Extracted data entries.
==============================
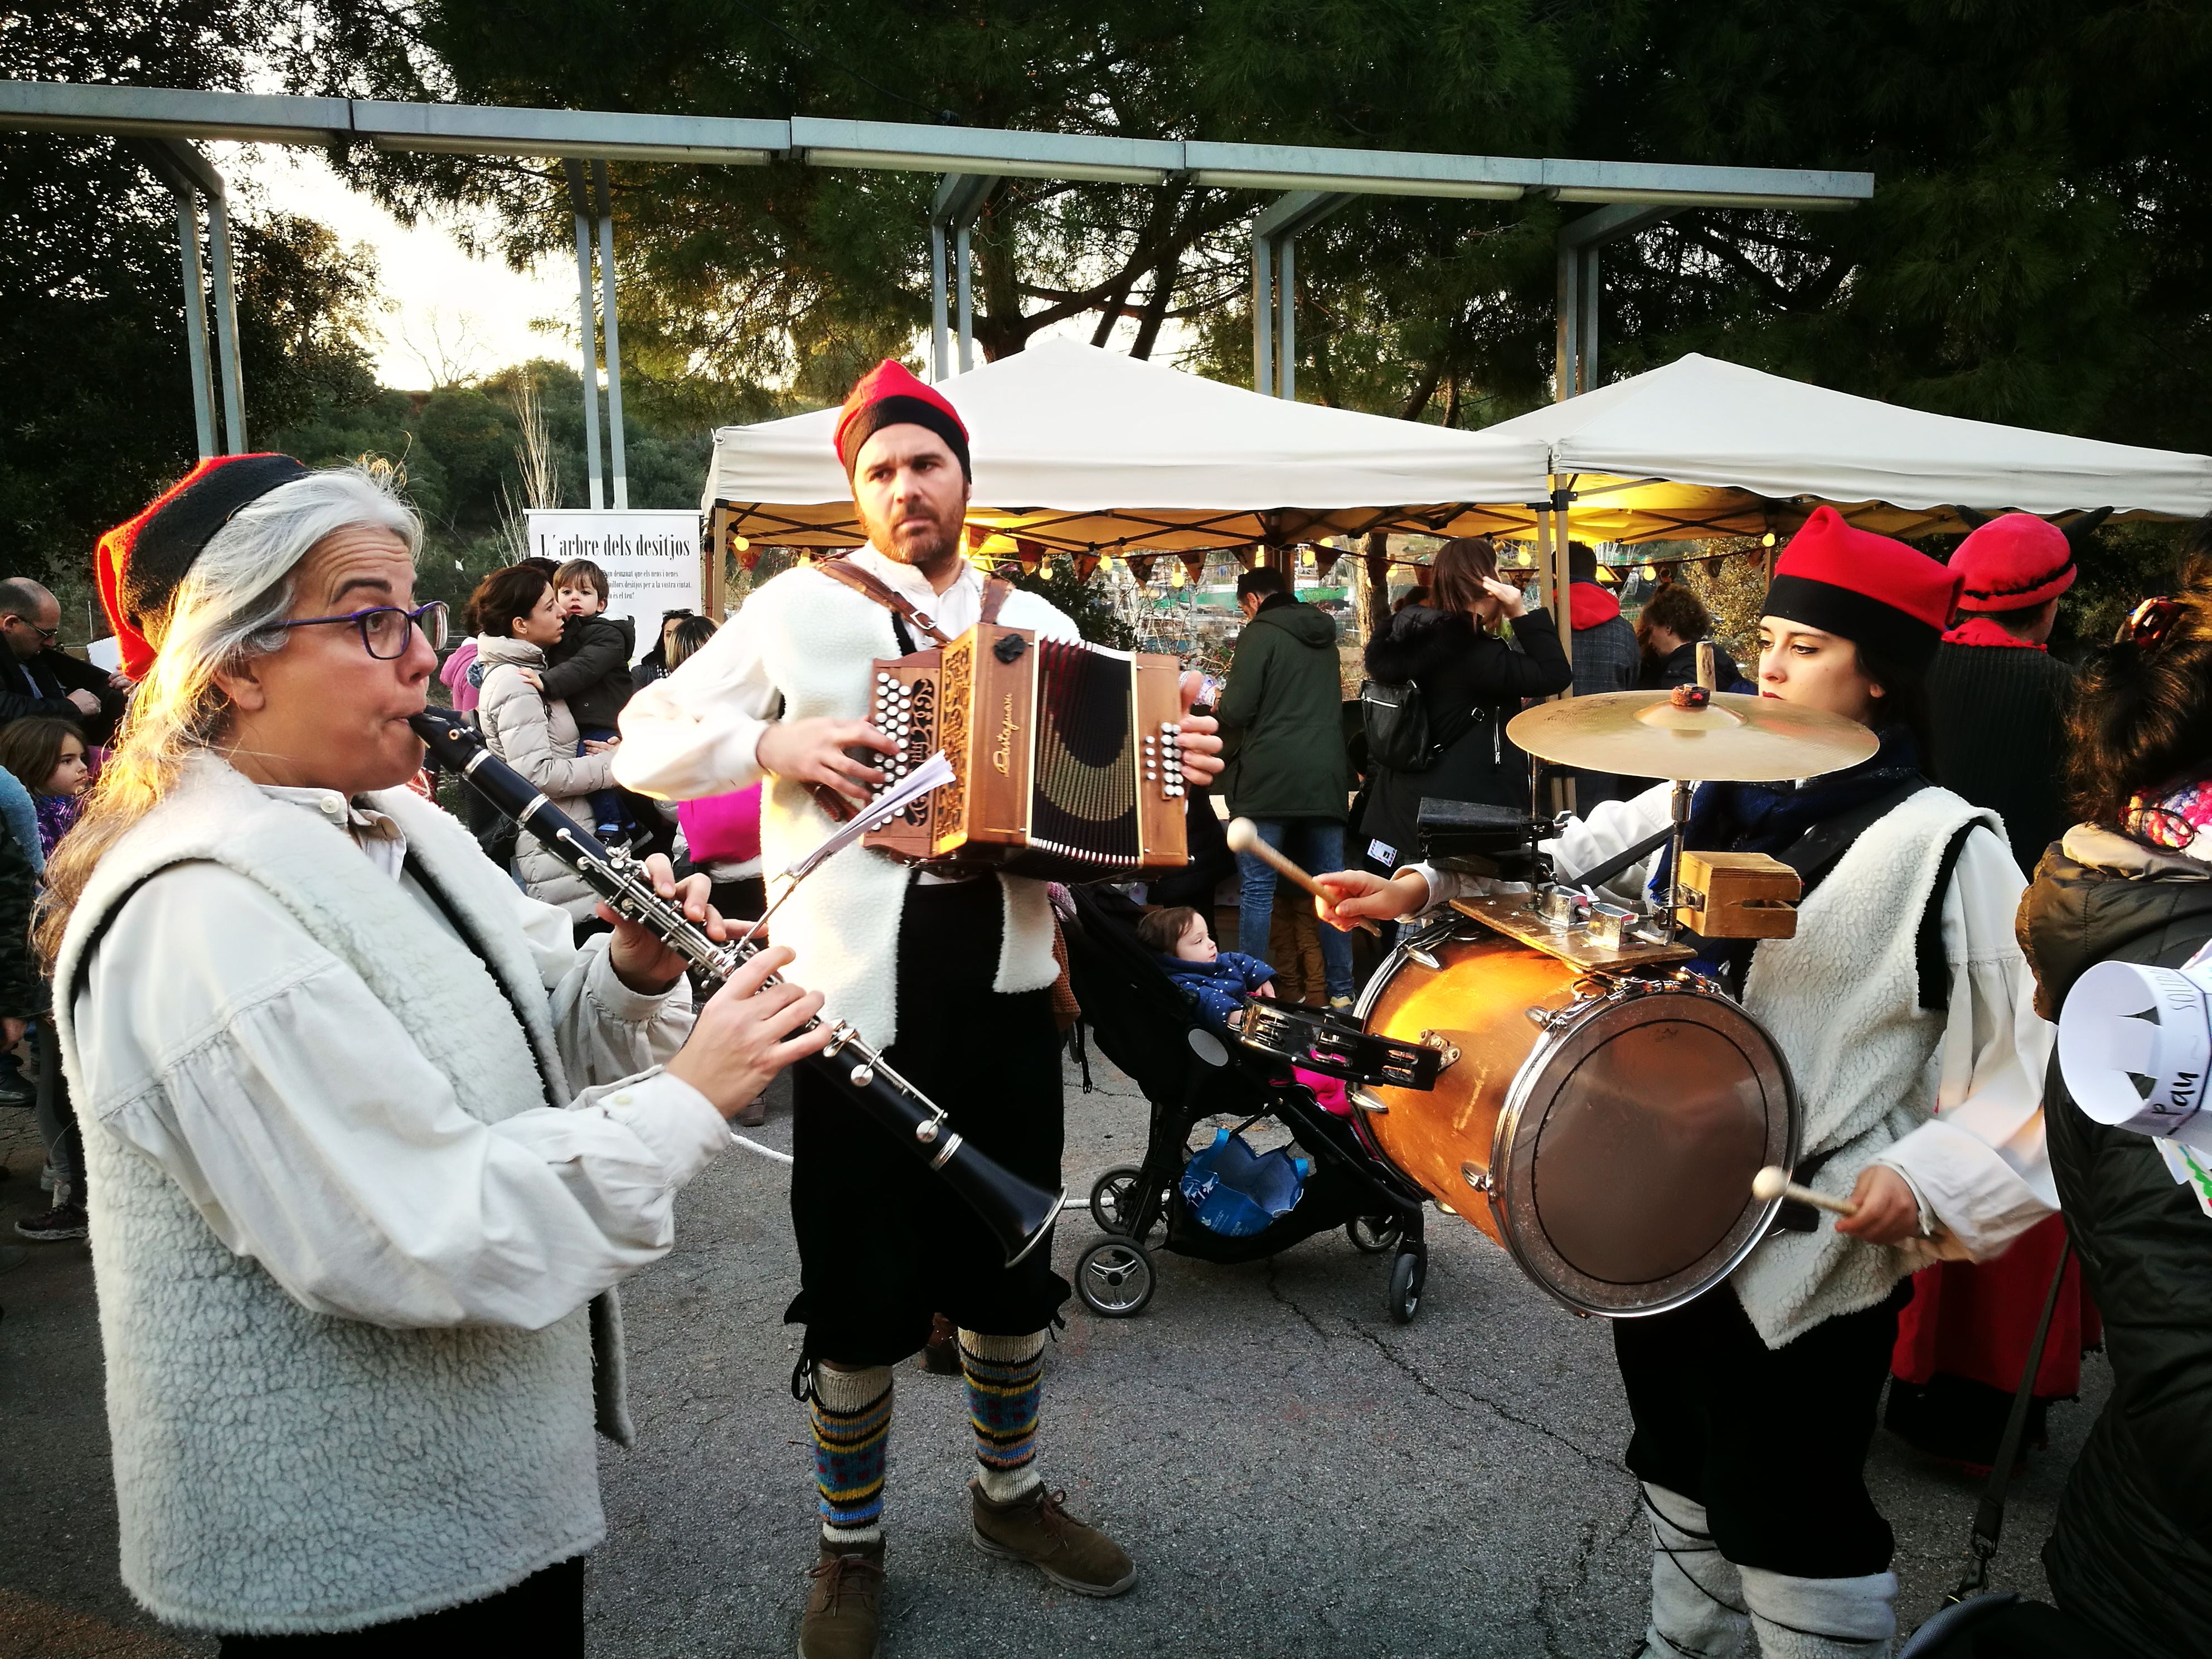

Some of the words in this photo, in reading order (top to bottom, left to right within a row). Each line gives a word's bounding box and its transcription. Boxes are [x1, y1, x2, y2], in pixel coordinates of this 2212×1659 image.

[604, 533, 631, 556] dels
[636, 533, 690, 561] desitjos
[624, 580, 642, 590] desitjos
[2152, 1071, 2199, 1115] Pau
==============================
WHAT IS REQUIRED. Would you return the data above exactly as written, minus the images?

TASK OUTPUT.
Some of the words in this photo, in reading order (top to bottom, left to right within a row). Each line gives a word's bounding box and its transcription. Boxes are [x1, y1, x2, y2], in pixel coordinates of this 2212×1659 image.

[604, 533, 631, 556] dels
[636, 533, 690, 561] desitjos
[624, 580, 642, 590] desitjos
[2152, 1071, 2199, 1115] Pau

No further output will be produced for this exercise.